Chapter 13: Deep Learning for Time Series

Making Transformers Time-Aware

A vanilla Transformer is good at flexible token interaction. Time-series forecasting needs more than that: it needs temporal and structural inductive bias.

Making Transformers Time-Aware

A vanilla Transformer is good at flexible token interaction. Time-series forecasting needs more than that: it needs temporal and structural inductive bias.

The Intuition

The Chapter 13 critique is not that Transformers are useless for time series. It is that plain self-attention is too generic.

In language, that generality is a strength. In time series, it creates a problem:

  • order is the structure
  • horizon matters
  • covariates arrive on different clocks
  • channels can be correlated or spuriously entangled

That is why successful time-series Transformer variants are really answers to one question:

how do we inject time awareness into an architecture that does not get it for free?

Why Vanilla Attention Is Not Enough

Self-attention over time-step tokens lets every time step attend to every other one. That provides long-range interaction, but it does not by itself encode:

  • local continuity
  • recentness bias
  • seasonal scale structure
  • variable-specific roles

Positional encodings help, but they do not fully solve the problem. They tell the model where a token sits; they do not give it the stronger inductive biases that many forecasting tasks need.

The Main Repair Strategies

Modern time-series Transformers usually modify one or more of these:

  1. tokenization and local structure
  2. channel structure
  3. covariate timing
  4. time-aware covariate design
  5. causal forecasting design

Each change is a way of saying: "do not make the model rediscover obvious temporal structure from scratch."

Strategy 1: Patching

PatchTST-style models group adjacent observations into short patches before attention.

Instead of tokens being individual time steps, they become local segments.

Why this helps:

  • fewer tokens, so attention is cheaper
  • each token already contains short-range local structure
  • the model focuses on interactions among segments rather than raw pointwise noise

For a lookback window of length \(L\), patch length \(p\), and stride \(s\), the token count is:

$$ N_{\text{tokens}} = \left\lfloor \frac{L-p}{s} \right\rfloor + 1. $$

With the common non-overlapping default \(s=p\), this is about \(L/p\) tokens. That is a computational change and an inductive-bias change at the same time.

Strategy 2: Channel Independence

One recurring problem in multivariate forecasting is that attention can overfit noisy cross-series correlations.

PatchTST's channel-independent design addresses this by:

  • applying a shared encoder to each channel
  • letting each channel keep its own local temporal representation
  • largely avoiding heavy cross-channel attention in the encoder itself

This is a form of regularization. It says:

shared temporal patterns are useful, but each variable should earn its own representation first.

That can be especially helpful in finance, where a few strong factors coexist with many unstable cross-series relationships.

Strategy 3: Variate-as-Token Attention

iTransformer flips the usual setup. Instead of treating time steps as tokens, it treats variables as tokens and lets attention operate across variables.

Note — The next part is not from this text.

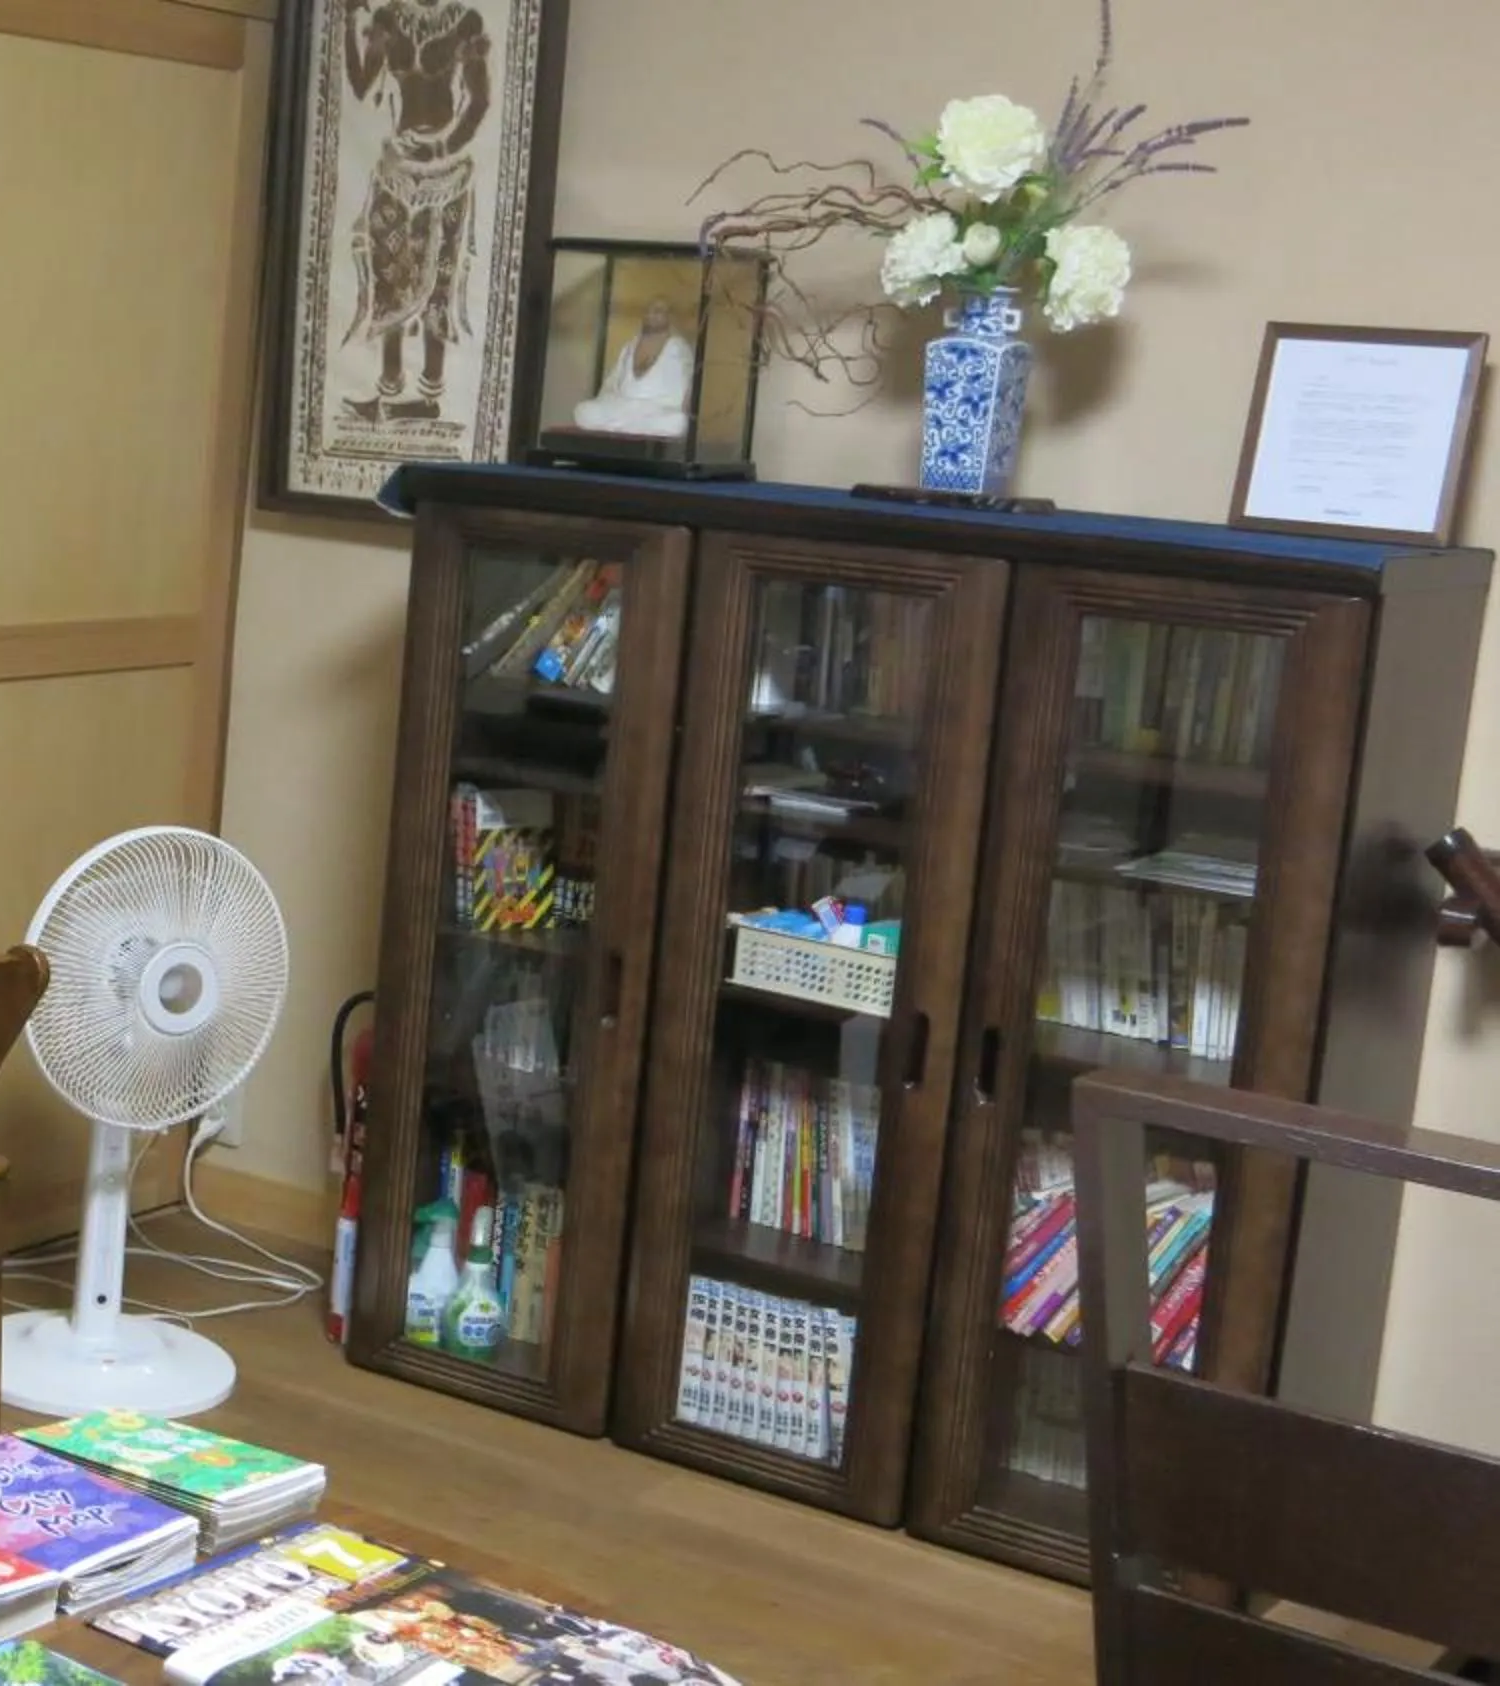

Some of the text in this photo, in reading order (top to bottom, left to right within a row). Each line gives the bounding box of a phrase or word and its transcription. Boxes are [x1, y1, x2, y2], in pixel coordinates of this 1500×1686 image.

[35, 1503, 114, 1538] Map
[298, 1538, 364, 1570] 7
[106, 1554, 313, 1648] KYOTO

That sounds strange at first, but it targets a real problem. In many multivariate panels, the hard part is not only temporal extrapolation. It is learning which variables matter for each other.

So the design becomes:

  • temporal information is first encoded within each variable stream
  • attention models inter-variable relationships

This usually means each variable's recent history is compressed into an embedding before attention operates across variables. The point is not a full per-variable temporal Transformer stage; it is a representation inversion that changes where attention is spent.

This can work well when cross-variable structure is more stable than long-range time-step-to-time- step attention.

Strategy 4: Time-Aware Covariate Design

Some architectures, such as TFT, are really about covariates as much as about attention.

They distinguish:

  • static covariates
  • known future covariates
  • observed historical covariates

That distinction matters because forecasting is partly a timing problem. A covariate that is known at prediction time is different from one only observed after the fact.

TFT matters not only because it labels covariates differently, but because variable-selection and gating components actually use those distinctions inside the architecture.

The time-aware lesson is not "use TFT." It is:

the architecture should reflect what information arrives when.

Strategy 5: Causal Forecasting Design

Time awareness in forecasting is not only about tokenization. It is also about respecting the fact that future targets are unknown.

Common tools:

  • causal masking in decoder-style attention
  • horizon-specific output heads
  • direct multi-horizon prediction setups
  • encoder-style designs with leakage-safe inputs

Not all forecasting Transformers are autoregressive decoders. Many remain encoder-style forecasters and enforce time safety through input construction and horizon-specific outputs rather than token-by- token masking. These choices determine whether the model is solving a proper forecasting problem or quietly peeking through a badly specified sequence setup.

A Worked ETF Panel Example

Imagine forecasting next-week returns for a panel of sector ETFs using:

  • past returns
  • realized volatility
  • macro covariates
  • calendar features

Three tokenizations:

  1. Vanilla Transformer tokens are time steps containing all channels
  2. PatchTST tokens are short time patches within each channel
  3. iTransformer tokens are variables, with temporal information encoded inside each stream

Interpretation:

  • vanilla attention may overfit noisy time-step interactions
  • PatchTST may work better if local temporal motifs matter
  • iTransformer may work better if the key signal lies in cross-asset relationships

The architecture choice is therefore a hypothesis about where the structure lives.

This is also where the DLinear/NLinear critique matters: if a strong linear baseline already wins, the burden is on PatchTST, iTransformer, or TFT to show that their time-aware structure adds something real.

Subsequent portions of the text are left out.